先日、講師講習の中の電話対応の練習をする機会があり、私は電話を受ける企業の人事担当者という役割をさせていただいた。
役割としては、人事担当者に電話をする講師から電話を受け、それに対して応対するという簡単なものなのだが、人事担当者が受けた電話にどのような対応をするのか、というのを、比較的意地悪に再現するために、非常に集中して聴くことになった。
言葉一つ一つに注目し、つっこむ余地があればつっこみ、自信なさそうな様子であれば、それに対応して声にも心配そうな様子やいらだちをにじませる。
さらに、話を聴きながら、相手の想定していなさそうな質問をしてみる、などリアルに意地悪に対応することにつとめた。
練習の甲斐あって、講師の方の対応は、回を重ねる毎に良くなり、成果はあったと思うのだが、一番印象的であったのは、私自身についてであった。

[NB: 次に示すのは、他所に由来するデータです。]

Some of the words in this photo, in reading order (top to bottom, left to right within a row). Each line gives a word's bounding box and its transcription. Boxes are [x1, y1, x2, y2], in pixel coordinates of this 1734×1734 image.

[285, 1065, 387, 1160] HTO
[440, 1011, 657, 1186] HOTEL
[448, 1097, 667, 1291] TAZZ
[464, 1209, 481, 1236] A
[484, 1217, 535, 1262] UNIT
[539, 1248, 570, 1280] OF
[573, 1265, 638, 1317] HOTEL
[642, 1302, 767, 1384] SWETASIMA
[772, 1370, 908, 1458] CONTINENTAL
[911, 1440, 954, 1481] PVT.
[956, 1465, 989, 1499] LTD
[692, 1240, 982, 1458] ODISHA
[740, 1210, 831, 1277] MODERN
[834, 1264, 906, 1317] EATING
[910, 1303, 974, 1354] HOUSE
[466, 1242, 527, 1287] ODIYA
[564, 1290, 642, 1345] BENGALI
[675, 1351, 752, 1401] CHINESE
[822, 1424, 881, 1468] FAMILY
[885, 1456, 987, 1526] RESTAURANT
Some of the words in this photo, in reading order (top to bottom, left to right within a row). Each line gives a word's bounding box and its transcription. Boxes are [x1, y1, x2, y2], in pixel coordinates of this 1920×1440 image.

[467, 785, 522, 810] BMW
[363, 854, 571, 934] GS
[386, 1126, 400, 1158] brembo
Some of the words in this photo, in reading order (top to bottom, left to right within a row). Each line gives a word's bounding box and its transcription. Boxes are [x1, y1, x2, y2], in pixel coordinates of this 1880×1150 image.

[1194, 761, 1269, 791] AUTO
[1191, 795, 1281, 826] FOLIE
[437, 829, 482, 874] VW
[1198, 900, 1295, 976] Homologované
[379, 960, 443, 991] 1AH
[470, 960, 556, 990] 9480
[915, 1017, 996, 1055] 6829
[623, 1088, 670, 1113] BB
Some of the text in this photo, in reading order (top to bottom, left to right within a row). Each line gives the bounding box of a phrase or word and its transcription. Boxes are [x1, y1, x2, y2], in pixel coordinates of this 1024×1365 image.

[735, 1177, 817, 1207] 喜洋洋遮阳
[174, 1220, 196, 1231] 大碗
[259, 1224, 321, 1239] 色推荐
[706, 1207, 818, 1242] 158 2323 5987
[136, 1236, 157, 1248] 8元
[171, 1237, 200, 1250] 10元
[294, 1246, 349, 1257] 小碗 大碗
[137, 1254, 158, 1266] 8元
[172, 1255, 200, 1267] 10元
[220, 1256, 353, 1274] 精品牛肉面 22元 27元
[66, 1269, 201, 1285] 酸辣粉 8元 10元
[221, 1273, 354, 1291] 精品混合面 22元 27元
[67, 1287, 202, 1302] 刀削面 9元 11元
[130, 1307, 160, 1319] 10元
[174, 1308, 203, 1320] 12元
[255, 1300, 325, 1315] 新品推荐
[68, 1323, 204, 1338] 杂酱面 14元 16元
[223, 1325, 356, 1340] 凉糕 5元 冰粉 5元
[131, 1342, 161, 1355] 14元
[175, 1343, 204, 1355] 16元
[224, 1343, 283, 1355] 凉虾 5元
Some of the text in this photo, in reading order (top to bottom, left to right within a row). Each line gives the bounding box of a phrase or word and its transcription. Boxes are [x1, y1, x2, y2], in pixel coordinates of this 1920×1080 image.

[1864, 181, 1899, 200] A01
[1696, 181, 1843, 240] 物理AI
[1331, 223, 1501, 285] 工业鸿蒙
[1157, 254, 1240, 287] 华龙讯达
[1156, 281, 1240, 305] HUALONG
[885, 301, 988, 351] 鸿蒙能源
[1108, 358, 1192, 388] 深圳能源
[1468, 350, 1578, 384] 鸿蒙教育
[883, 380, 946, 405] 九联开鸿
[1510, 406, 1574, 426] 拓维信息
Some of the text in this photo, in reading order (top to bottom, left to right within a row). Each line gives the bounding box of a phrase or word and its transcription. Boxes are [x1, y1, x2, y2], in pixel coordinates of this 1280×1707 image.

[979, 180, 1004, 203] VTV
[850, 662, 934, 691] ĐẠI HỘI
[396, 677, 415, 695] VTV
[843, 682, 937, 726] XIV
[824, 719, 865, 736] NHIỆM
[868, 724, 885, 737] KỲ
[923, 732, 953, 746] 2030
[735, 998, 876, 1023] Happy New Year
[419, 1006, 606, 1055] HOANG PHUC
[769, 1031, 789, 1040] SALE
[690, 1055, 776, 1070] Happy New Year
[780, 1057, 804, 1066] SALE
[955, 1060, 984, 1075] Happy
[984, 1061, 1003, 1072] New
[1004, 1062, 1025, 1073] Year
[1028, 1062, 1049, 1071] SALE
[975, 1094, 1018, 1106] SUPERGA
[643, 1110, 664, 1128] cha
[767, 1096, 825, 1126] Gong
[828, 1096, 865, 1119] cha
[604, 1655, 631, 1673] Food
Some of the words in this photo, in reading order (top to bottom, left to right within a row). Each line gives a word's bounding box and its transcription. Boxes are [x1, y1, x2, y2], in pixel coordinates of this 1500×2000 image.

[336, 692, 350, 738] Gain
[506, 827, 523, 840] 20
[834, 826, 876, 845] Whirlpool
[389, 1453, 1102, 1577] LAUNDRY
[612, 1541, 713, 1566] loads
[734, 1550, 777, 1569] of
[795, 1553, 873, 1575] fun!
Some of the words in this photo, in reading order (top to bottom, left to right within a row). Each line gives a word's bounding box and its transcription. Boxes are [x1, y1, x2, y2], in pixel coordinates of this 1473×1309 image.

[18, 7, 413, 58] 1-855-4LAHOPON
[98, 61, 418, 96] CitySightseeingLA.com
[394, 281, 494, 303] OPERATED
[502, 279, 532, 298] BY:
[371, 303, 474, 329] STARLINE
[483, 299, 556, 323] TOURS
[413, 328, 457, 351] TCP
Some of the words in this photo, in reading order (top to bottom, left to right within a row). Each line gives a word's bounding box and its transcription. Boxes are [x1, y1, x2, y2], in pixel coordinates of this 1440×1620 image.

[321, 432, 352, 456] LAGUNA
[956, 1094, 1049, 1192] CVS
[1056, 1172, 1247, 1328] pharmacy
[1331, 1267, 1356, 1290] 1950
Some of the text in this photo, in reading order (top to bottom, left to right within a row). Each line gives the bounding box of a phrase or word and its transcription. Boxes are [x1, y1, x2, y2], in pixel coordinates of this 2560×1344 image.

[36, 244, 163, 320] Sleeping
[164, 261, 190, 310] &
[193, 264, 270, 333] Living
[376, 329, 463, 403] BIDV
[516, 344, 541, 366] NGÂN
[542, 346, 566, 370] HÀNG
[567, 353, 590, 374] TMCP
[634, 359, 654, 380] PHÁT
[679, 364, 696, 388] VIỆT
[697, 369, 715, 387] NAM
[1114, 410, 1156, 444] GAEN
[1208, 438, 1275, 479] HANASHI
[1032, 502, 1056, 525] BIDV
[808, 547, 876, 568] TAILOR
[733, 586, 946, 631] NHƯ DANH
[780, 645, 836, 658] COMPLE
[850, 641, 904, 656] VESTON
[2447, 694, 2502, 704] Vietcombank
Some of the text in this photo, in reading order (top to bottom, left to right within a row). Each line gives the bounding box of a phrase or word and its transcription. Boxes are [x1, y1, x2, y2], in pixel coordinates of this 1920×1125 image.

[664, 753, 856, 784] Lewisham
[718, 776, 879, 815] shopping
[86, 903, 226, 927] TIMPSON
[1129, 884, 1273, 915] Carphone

数名の方の対応の相手をしたあとに、ぐったり疲れてしまったのである。
講師役で電話をしてきた方の中には、汗をかいている方もおられたので、かなり疲れたのだろうが、私の方もこれほど疲れるとは、始めるまで想定していなかった。
やはり、全神経を使って聴きながら考える、というのは、かなり疲れるものなのだな、というのを再認識した。
以前、電話などによるパーソナルコーチングをしていたときにも同じようなことがあったのを思い出した。
普段から傾聴の姿勢があるか、というとそんなことはないのだが、意識すればそういう態勢をあまり負担に思わずに取れるつもりではいたのだが、本当に「集中して聴く」というのはやはり気力と体力を使うものなのだ。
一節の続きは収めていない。